Tüketirken Direnmek: Michel de Certeau ile Gündelik Hayata Bakış

Yirminci yüzyıl boyunca birçok düşünür, bireysel pratiklerin kültürel alanla ilişkisini sorgulamıştır. Genel olarak, bu tür ilişkiler ve öznenin gerçekleştirdiği günlük faaliyetler, kapitalist üretim ilişkilerinin egemenliğinin sağladığı koşullar altında analiz edilmiştir. Sonuç olarak, özellikle popüler kültür söz konusu olduğunda karşımıza genellikle umutsuz ve karamsar bir tablo çıkar: kültür bütünüyle kapitalist sistemin tahakkümüne girmiş gibi görünür. Bu teorik yaklaşımların çoğu ya hiçbir çıkış yolu olmadığını savunur ya da yalnızca sınırlı ve etkisiz mücadele alanları önerir. Theodor Adorno, Henri Lefebvre ve Michel Foucault gibi düşünürlerin çalışmaları bu durumu yansıtan örnekler arasındadır.
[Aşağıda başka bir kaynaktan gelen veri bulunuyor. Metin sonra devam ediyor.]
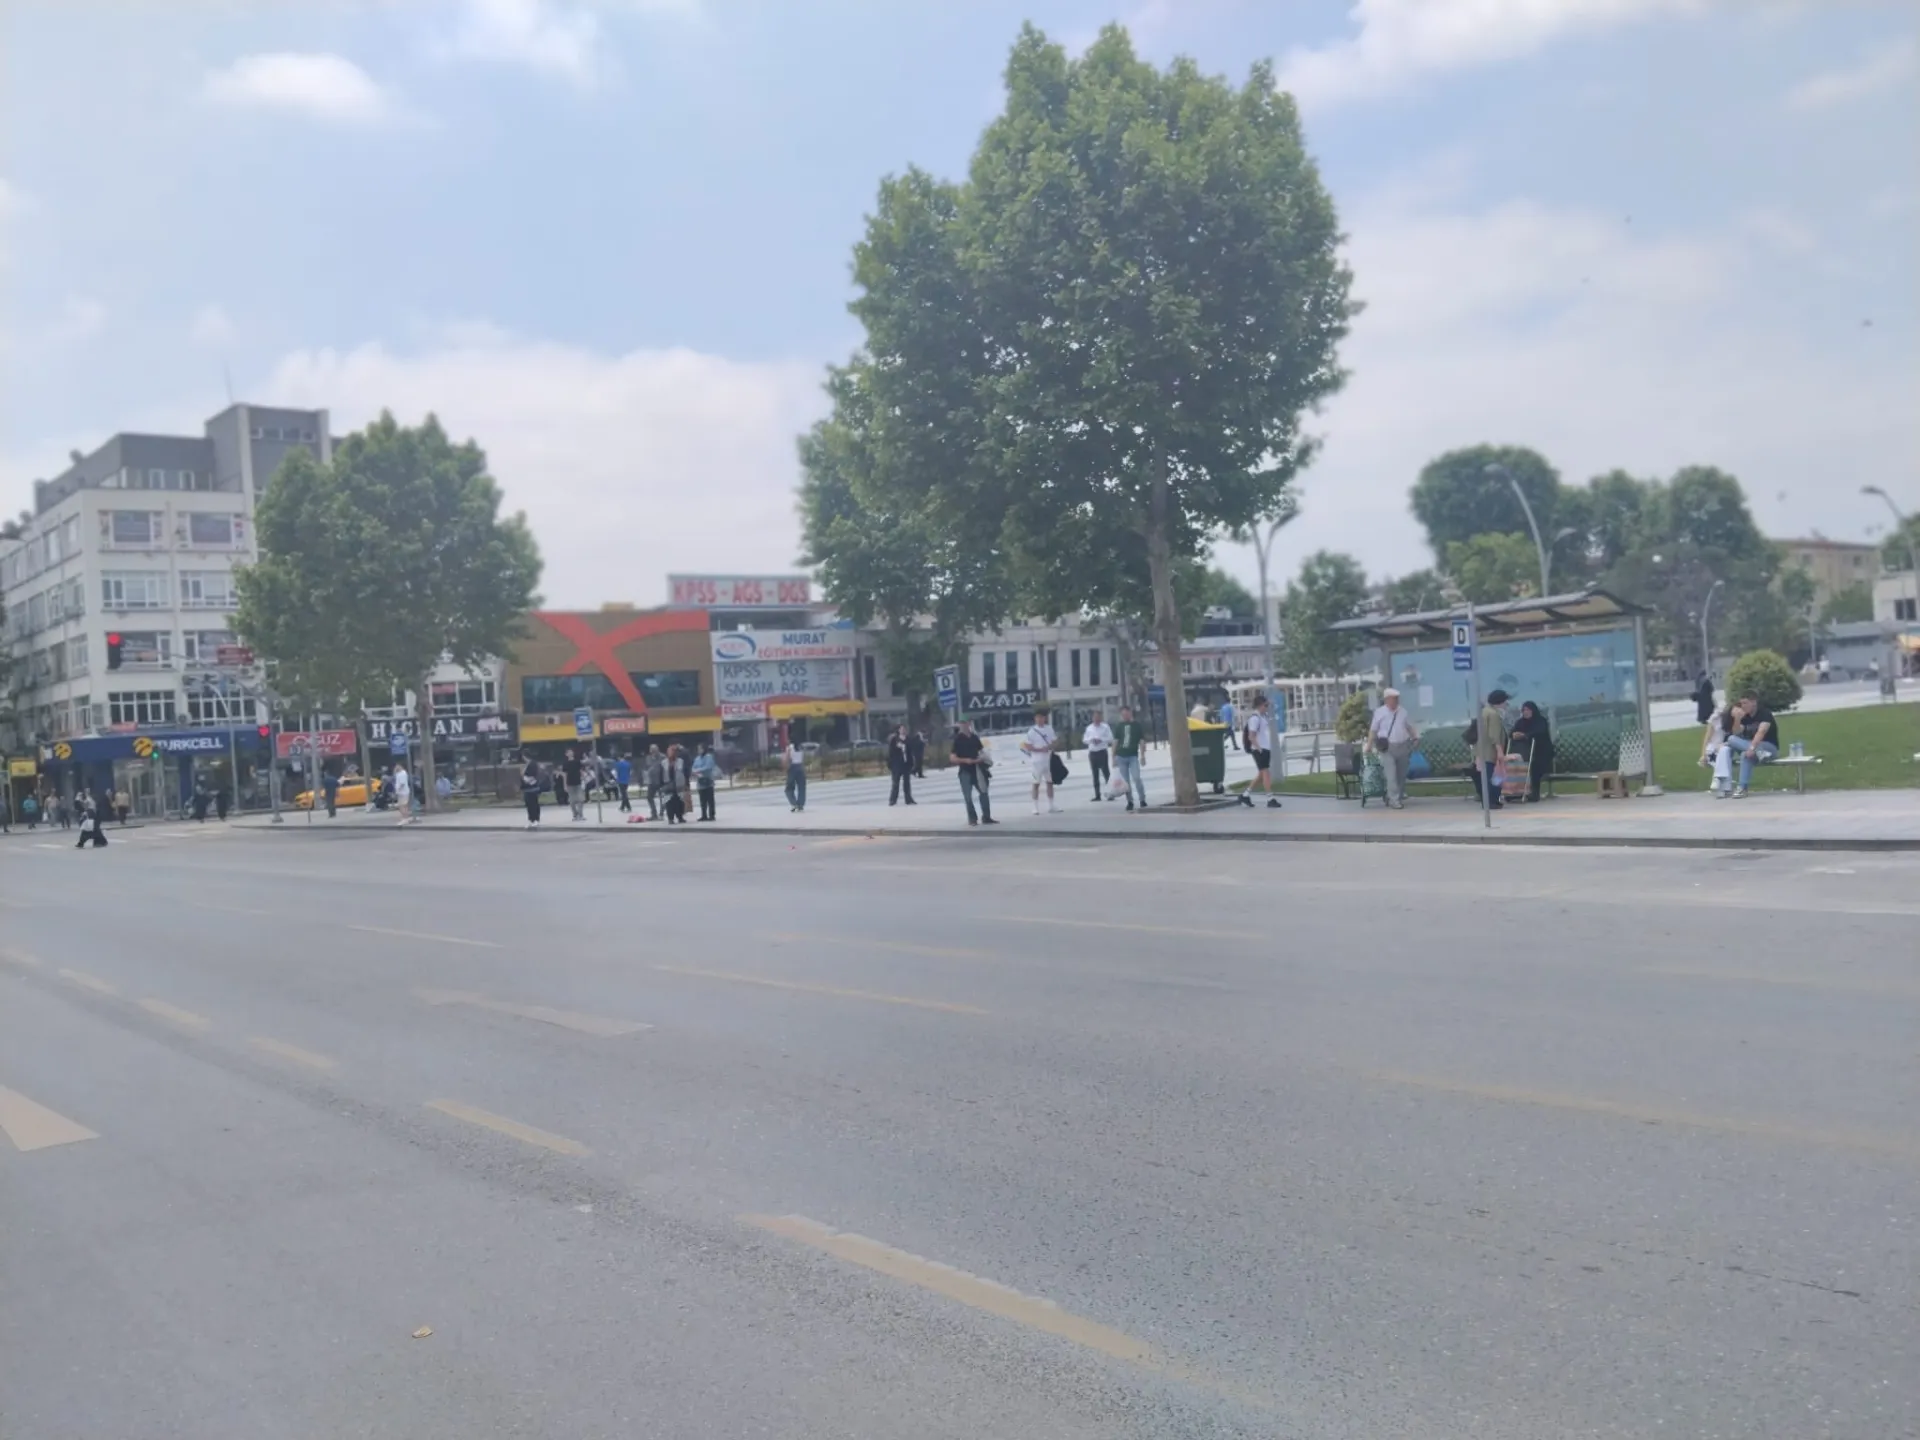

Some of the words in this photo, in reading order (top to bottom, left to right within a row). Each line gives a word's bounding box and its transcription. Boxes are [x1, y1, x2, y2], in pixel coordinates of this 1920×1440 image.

Ancak tüm bu karamsar bakış açılarına rağmen, gündelik hayatın analizi yirminci yüzyılın son çeyreğinde önem kazanmaya devam etmiştir. Bu noktada Michel de Certeau’nun özellikle L’Invention du Quotidien adlı eseri (Türkçe’ye “Gündelik Hayatın Keşfi” başlığıyla kazandırılmıştır) özgün ve çığır açıcı bir yaklaşım sunar.

Bu eserinde De Certeau, kültürel alanın kapitalist ilişkilerin ideoloji tahakkümü tarafından tamamen kuşatıldığını tekrar eden klişe analizlere itiraz eder. Ona göre, iktidara karşı eleştirel duruşlar gündelik pratiklerin içinden doğar. Bu nedenle gündelik hayatı durağan ya da edilgen bir arka plan olarak görmek yerine, orada olup bitenlerin “nasıl yapıldığını” anlamaya odaklanır. Yapmamız gereken ise, gündelik yaşamı sabit ve belirsiz bir arka plan olarak görüp onu kendi haline bırakmak değil, tersine, bu belirsizliğe etkin bir şekilde katılmak ve onu ‘ifade etmektir’. De Certeau’nun ifadesiyle, “işleyiş kipleri” ya da “eylem şemaları” gündelik yaşamın temelini oluşturur. Gündelik hayat, bilinçli ya da bilinçsiz biçimde gerçekleştirdiğimiz eylemlerle sürekli yeniden üretilir.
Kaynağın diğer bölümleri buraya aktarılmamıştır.